▶ Dataset records
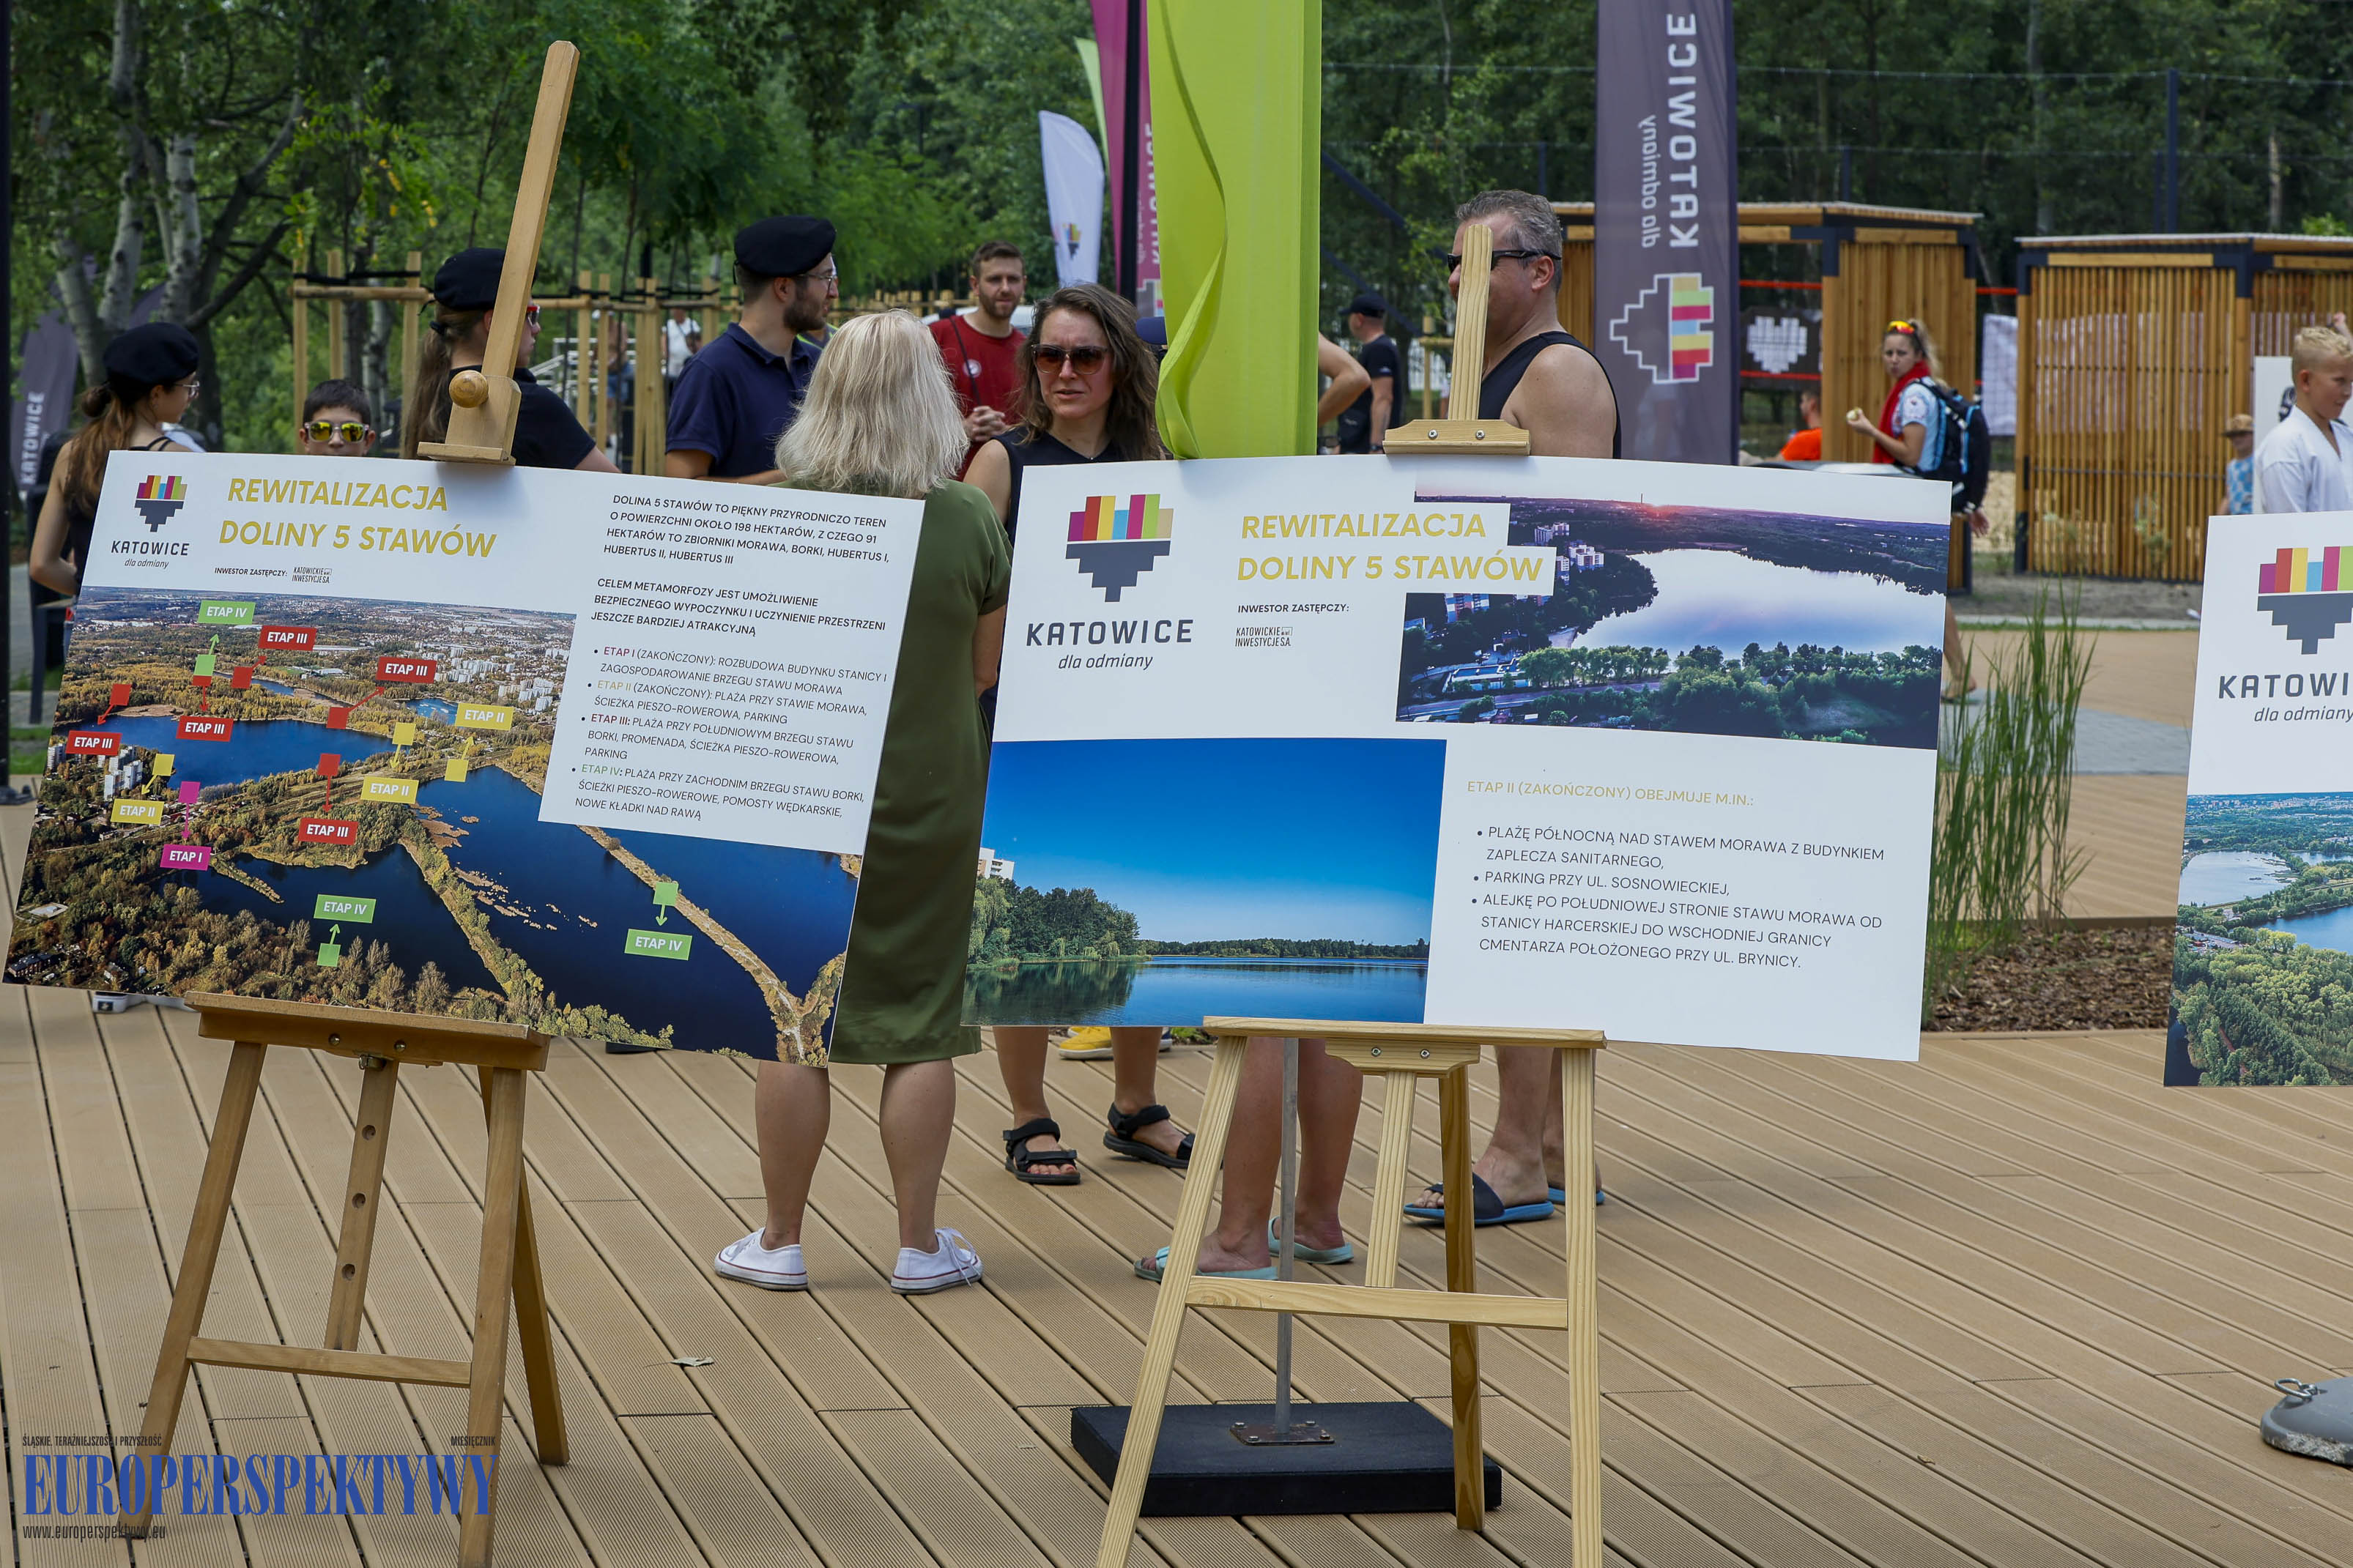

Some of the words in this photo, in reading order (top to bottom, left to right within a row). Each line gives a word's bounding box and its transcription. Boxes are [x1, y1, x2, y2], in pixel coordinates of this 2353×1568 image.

[228, 478, 448, 511] REWITALIZACJA
[612, 494, 652, 506] DOLINA
[654, 498, 662, 508] 5
[663, 499, 713, 511] STAWÓW
[715, 504, 729, 513] TO
[730, 505, 768, 517] PIĘKNY
[768, 508, 852, 524] PRZYRODNICZO
[853, 516, 886, 528] TEREN
[1242, 513, 1486, 539] REWITALIZACJA
[111, 540, 190, 556] KATOWICE
[220, 520, 327, 548] DOLINY
[333, 525, 351, 549] 5
[357, 524, 497, 558] STAWÓW
[125, 558, 136, 566] dla
[137, 559, 169, 569] odmiany
[249, 568, 288, 577] ZASTĘPCZY:
[293, 567, 325, 575] KATOWICKIE
[1237, 556, 1356, 580] DOLINY
[1365, 556, 1382, 579] 5
[1394, 549, 1544, 581] STAWÓW
[597, 578, 633, 590] CELEM
[633, 582, 714, 597] METAMORFOZY
[715, 589, 741, 599] JEST
[741, 591, 819, 607] UMOŻLIWIENIE
[207, 606, 233, 617] ETAP
[235, 608, 247, 617] IV
[594, 595, 671, 610] BEZPIECZNEGO
[673, 601, 748, 617] WYPOCZYNKU
[749, 609, 752, 617] I
[754, 609, 816, 624] UCZYNIENIE
[817, 616, 886, 631] PRZESTRZENI
[1238, 604, 1289, 613] INWESTOR
[1292, 603, 1349, 614] ZASTĘPCZY:
[590, 612, 635, 623] JESZCZE
[636, 614, 685, 628] BARDZIEJ
[686, 620, 756, 637] ATRAKCYJNĄ
[1026, 619, 1193, 646] KATOWICE
[1236, 627, 1281, 636] KATOWICKIE
[267, 631, 294, 643] ETAP
[296, 633, 308, 644] III
[385, 663, 415, 675] ETAP
[416, 665, 429, 676] III
[1058, 654, 1082, 669] dla
[1086, 653, 1153, 671] odmiany
[600, 663, 711, 682] ZAGOSPODAROWANIE
[712, 674, 754, 686] BRZEGU
[755, 677, 792, 690] STAWU
[793, 682, 842, 696] MORAWA
[464, 710, 494, 721] ETAP
[497, 713, 504, 722] II
[594, 694, 634, 709] ŚCIEŻKA
[637, 701, 741, 721] PIESZO-ROWEROWA,
[744, 711, 788, 724] PARKING
[2254, 707, 2278, 721] dla
[2283, 705, 2353, 724] odmiany
[185, 722, 212, 733] ETAP
[213, 724, 225, 735] III
[590, 713, 618, 724] ETAP
[618, 716, 631, 726] III:
[632, 717, 664, 729] PLAŻA
[665, 721, 691, 731] PRZY
[693, 723, 772, 740] POŁUDNIOWYM
[773, 732, 815, 744] BRZEGU
[816, 736, 854, 748] STAWU
[74, 737, 100, 748] ETAP
[102, 738, 114, 748] III
[585, 747, 628, 759] PARKING
[588, 730, 618, 743] BORKI,
[621, 733, 686, 750] PROMENADA,
[689, 738, 731, 753] ŚCIEŻKA
[733, 745, 839, 765] PIESZO-ROWEROWA,
[371, 783, 399, 795] ETAP
[401, 786, 410, 795] II
[582, 764, 608, 774] ETAP
[609, 767, 623, 776] IV:
[624, 768, 656, 780] PLAŻA
[659, 771, 683, 782] PRZY
[685, 774, 749, 789] ZACHODNIM
[749, 781, 790, 794] BRZEGU
[792, 786, 830, 798] STAWU
[831, 789, 864, 803] BORKI,
[1467, 781, 1503, 792] ETAP
[1507, 783, 1514, 793] II
[1519, 781, 1631, 800] (ZAKOŃCZONY)
[1635, 789, 1711, 803] OBEJMUJE
[1716, 793, 1753, 806] M.IN.:
[578, 779, 615, 792] ŚCIEŻKI
[617, 784, 719, 805] PIESZO-ROWEROWE,
[722, 795, 774, 809] POMOSTY
[776, 801, 842, 818] WĘDKARSKIE,
[119, 803, 147, 816] ETAP
[148, 807, 155, 817] II
[575, 798, 607, 809] NOWE
[608, 801, 645, 813] KŁADKI
[646, 805, 670, 815] NAD
[670, 807, 701, 821] RAWĄ
[306, 824, 336, 836] ETAP
[337, 826, 349, 837] III
[1489, 825, 1530, 841] PLAŻĘ
[1535, 826, 1615, 846] PÓŁNOCNĄ
[1619, 832, 1650, 844] NAD
[1653, 834, 1716, 849] STAWEM
[1720, 838, 1787, 854] MORAWA
[1790, 843, 1799, 854] Z
[1803, 844, 1884, 861] BUDYNKIEM
[169, 850, 196, 862] ETAP
[198, 852, 203, 863] I
[1486, 849, 1557, 863] ZAPLECZA
[1561, 852, 1664, 869] SANITARNEGO,
[1485, 871, 1545, 885] PARKING
[1549, 874, 1583, 886] PRZY
[1587, 875, 1607, 888] UL.
[1611, 877, 1730, 896] SOSNOWIECKIEJ,
[324, 902, 352, 913] ETAP
[355, 904, 367, 914] IV
[1483, 893, 1533, 910] ALEJKĘ
[1537, 896, 1557, 907] PO
[1560, 896, 1665, 913] POŁUDNIOWEJ
[1669, 902, 1729, 918] STRONIE
[1733, 907, 1784, 921] STAWU
[1788, 910, 1856, 926] MORAWA
[1860, 916, 1882, 928] OD
[1481, 915, 1541, 929] STANICY
[1544, 918, 1637, 935] HARCERSKIEJ
[1642, 924, 1664, 936] DO
[1668, 925, 1764, 943] WSCHODNIEJ
[1768, 932, 1831, 948] GRANICY
[635, 937, 666, 949] ETAP
[669, 940, 682, 951] IV
[1480, 938, 1565, 954] CMENTARZA
[1570, 942, 1671, 959] POŁOŻONEGO
[1675, 948, 1710, 962] PRZY
[1713, 951, 1734, 963] UL.
[1738, 952, 1801, 968] BRYNICY.

▶ Assignment
Return the data above unchanged. Pictures are not part of the copy.

▶ Solution for this exercise
Some of the words in this photo, in reading order (top to bottom, left to right within a row). Each line gives a word's bounding box and its transcription. Boxes are [x1, y1, x2, y2], in pixel coordinates of this 2353×1568 image.

[228, 478, 448, 511] REWITALIZACJA
[612, 494, 652, 506] DOLINA
[654, 498, 662, 508] 5
[663, 499, 713, 511] STAWÓW
[715, 504, 729, 513] TO
[730, 505, 768, 517] PIĘKNY
[768, 508, 852, 524] PRZYRODNICZO
[853, 516, 886, 528] TEREN
[1242, 513, 1486, 539] REWITALIZACJA
[111, 540, 190, 556] KATOWICE
[220, 520, 327, 548] DOLINY
[333, 525, 351, 549] 5
[357, 524, 497, 558] STAWÓW
[125, 558, 136, 566] dla
[137, 559, 169, 569] odmiany
[249, 568, 288, 577] ZASTĘPCZY:
[293, 567, 325, 575] KATOWICKIE
[1237, 556, 1356, 580] DOLINY
[1365, 556, 1382, 579] 5
[1394, 549, 1544, 581] STAWÓW
[597, 578, 633, 590] CELEM
[633, 582, 714, 597] METAMORFOZY
[715, 589, 741, 599] JEST
[741, 591, 819, 607] UMOŻLIWIENIE
[207, 606, 233, 617] ETAP
[235, 608, 247, 617] IV
[594, 595, 671, 610] BEZPIECZNEGO
[673, 601, 748, 617] WYPOCZYNKU
[749, 609, 752, 617] I
[754, 609, 816, 624] UCZYNIENIE
[817, 616, 886, 631] PRZESTRZENI
[1238, 604, 1289, 613] INWESTOR
[1292, 603, 1349, 614] ZASTĘPCZY:
[590, 612, 635, 623] JESZCZE
[636, 614, 685, 628] BARDZIEJ
[686, 620, 756, 637] ATRAKCYJNĄ
[1026, 619, 1193, 646] KATOWICE
[1236, 627, 1281, 636] KATOWICKIE
[267, 631, 294, 643] ETAP
[296, 633, 308, 644] III
[385, 663, 415, 675] ETAP
[416, 665, 429, 676] III
[1058, 654, 1082, 669] dla
[1086, 653, 1153, 671] odmiany
[600, 663, 711, 682] ZAGOSPODAROWANIE
[712, 674, 754, 686] BRZEGU
[755, 677, 792, 690] STAWU
[793, 682, 842, 696] MORAWA
[464, 710, 494, 721] ETAP
[497, 713, 504, 722] II
[594, 694, 634, 709] ŚCIEŻKA
[637, 701, 741, 721] PIESZO-ROWEROWA,
[744, 711, 788, 724] PARKING
[2254, 707, 2278, 721] dla
[2283, 705, 2353, 724] odmiany
[185, 722, 212, 733] ETAP
[213, 724, 225, 735] III
[590, 713, 618, 724] ETAP
[618, 716, 631, 726] III:
[632, 717, 664, 729] PLAŻA
[665, 721, 691, 731] PRZY
[693, 723, 772, 740] POŁUDNIOWYM
[773, 732, 815, 744] BRZEGU
[816, 736, 854, 748] STAWU
[74, 737, 100, 748] ETAP
[102, 738, 114, 748] III
[585, 747, 628, 759] PARKING
[588, 730, 618, 743] BORKI,
[621, 733, 686, 750] PROMENADA,
[689, 738, 731, 753] ŚCIEŻKA
[733, 745, 839, 765] PIESZO-ROWEROWA,
[371, 783, 399, 795] ETAP
[401, 786, 410, 795] II
[582, 764, 608, 774] ETAP
[609, 767, 623, 776] IV:
[624, 768, 656, 780] PLAŻA
[659, 771, 683, 782] PRZY
[685, 774, 749, 789] ZACHODNIM
[749, 781, 790, 794] BRZEGU
[792, 786, 830, 798] STAWU
[831, 789, 864, 803] BORKI,
[1467, 781, 1503, 792] ETAP
[1507, 783, 1514, 793] II
[1519, 781, 1631, 800] (ZAKOŃCZONY)
[1635, 789, 1711, 803] OBEJMUJE
[1716, 793, 1753, 806] M.IN.:
[578, 779, 615, 792] ŚCIEŻKI
[617, 784, 719, 805] PIESZO-ROWEROWE,
[722, 795, 774, 809] POMOSTY
[776, 801, 842, 818] WĘDKARSKIE,
[119, 803, 147, 816] ETAP
[148, 807, 155, 817] II
[575, 798, 607, 809] NOWE
[608, 801, 645, 813] KŁADKI
[646, 805, 670, 815] NAD
[670, 807, 701, 821] RAWĄ
[306, 824, 336, 836] ETAP
[337, 826, 349, 837] III
[1489, 825, 1530, 841] PLAŻĘ
[1535, 826, 1615, 846] PÓŁNOCNĄ
[1619, 832, 1650, 844] NAD
[1653, 834, 1716, 849] STAWEM
[1720, 838, 1787, 854] MORAWA
[1790, 843, 1799, 854] Z
[1803, 844, 1884, 861] BUDYNKIEM
[169, 850, 196, 862] ETAP
[198, 852, 203, 863] I
[1486, 849, 1557, 863] ZAPLECZA
[1561, 852, 1664, 869] SANITARNEGO,
[1485, 871, 1545, 885] PARKING
[1549, 874, 1583, 886] PRZY
[1587, 875, 1607, 888] UL.
[1611, 877, 1730, 896] SOSNOWIECKIEJ,
[324, 902, 352, 913] ETAP
[355, 904, 367, 914] IV
[1483, 893, 1533, 910] ALEJKĘ
[1537, 896, 1557, 907] PO
[1560, 896, 1665, 913] POŁUDNIOWEJ
[1669, 902, 1729, 918] STRONIE
[1733, 907, 1784, 921] STAWU
[1788, 910, 1856, 926] MORAWA
[1860, 916, 1882, 928] OD
[1481, 915, 1541, 929] STANICY
[1544, 918, 1637, 935] HARCERSKIEJ
[1642, 924, 1664, 936] DO
[1668, 925, 1764, 943] WSCHODNIEJ
[1768, 932, 1831, 948] GRANICY
[635, 937, 666, 949] ETAP
[669, 940, 682, 951] IV
[1480, 938, 1565, 954] CMENTARZA
[1570, 942, 1671, 959] POŁOŻONEGO
[1675, 948, 1710, 962] PRZY
[1713, 951, 1734, 963] UL.
[1738, 952, 1801, 968] BRYNICY.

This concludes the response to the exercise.